DATA RECORDS Start Marker

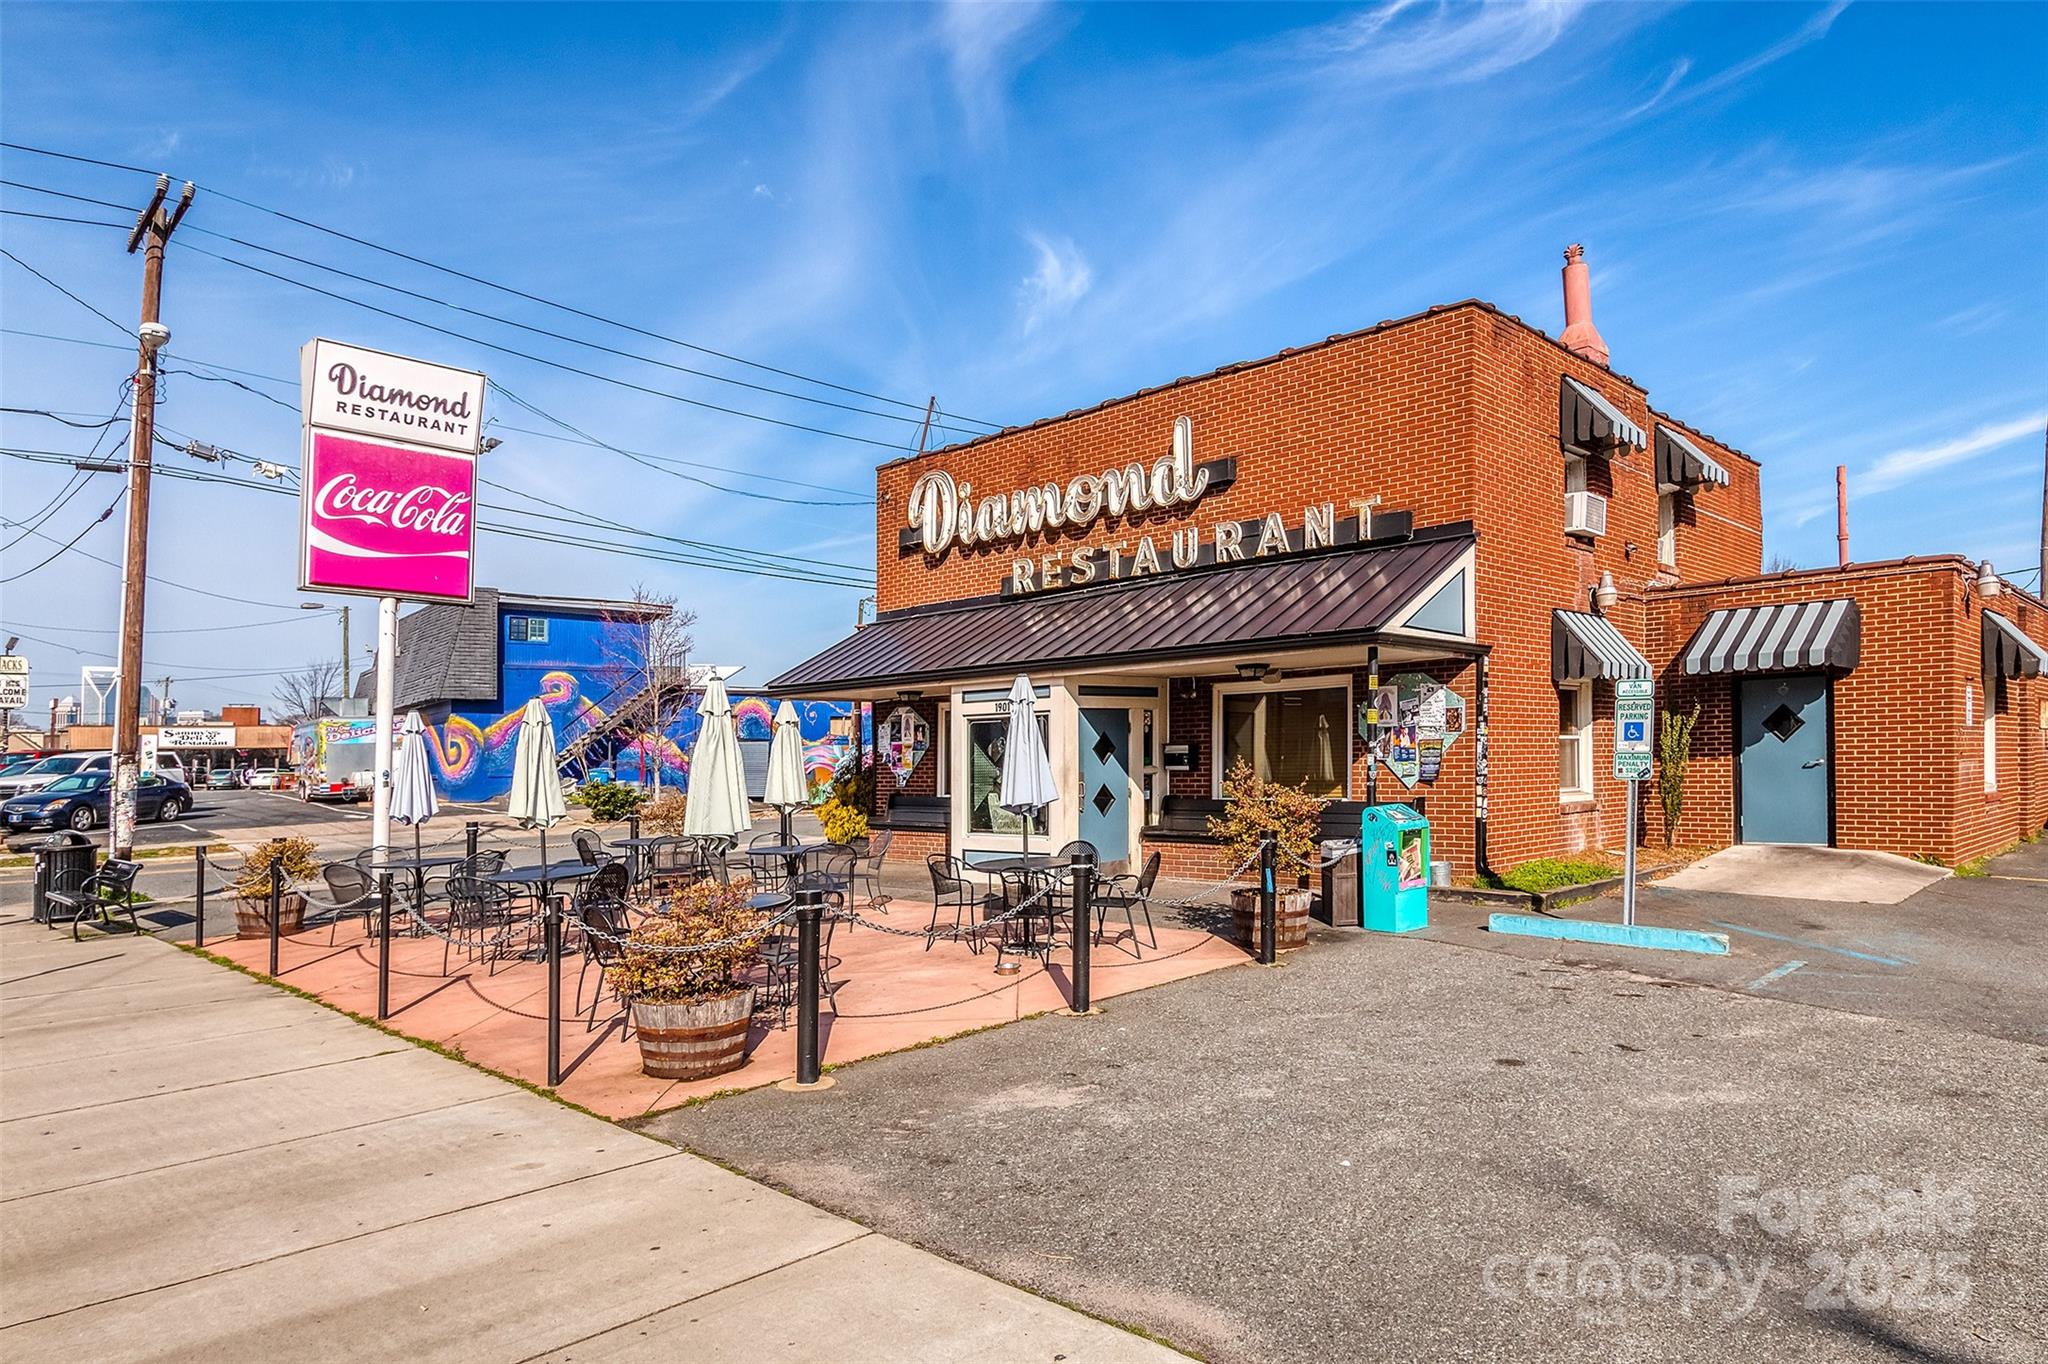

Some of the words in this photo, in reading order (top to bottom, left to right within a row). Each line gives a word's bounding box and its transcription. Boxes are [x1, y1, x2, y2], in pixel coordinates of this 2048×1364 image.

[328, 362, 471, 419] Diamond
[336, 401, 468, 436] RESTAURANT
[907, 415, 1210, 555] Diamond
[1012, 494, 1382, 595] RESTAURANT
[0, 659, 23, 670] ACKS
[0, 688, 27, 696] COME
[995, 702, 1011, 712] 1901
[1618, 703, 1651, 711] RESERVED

DATA RECORDS End Marker

▶ [TASK DIRECTIONS]
Return the data above in its exact wording, with none of the pictures.

▶ [SOLVED PROBLEM]
Some of the words in this photo, in reading order (top to bottom, left to right within a row). Each line gives a word's bounding box and its transcription. Boxes are [x1, y1, x2, y2], in pixel coordinates of this 2048×1364 image.

[328, 362, 471, 419] Diamond
[336, 401, 468, 436] RESTAURANT
[907, 415, 1210, 555] Diamond
[1012, 494, 1382, 595] RESTAURANT
[0, 659, 23, 670] ACKS
[0, 688, 27, 696] COME
[995, 702, 1011, 712] 1901
[1618, 703, 1651, 711] RESERVED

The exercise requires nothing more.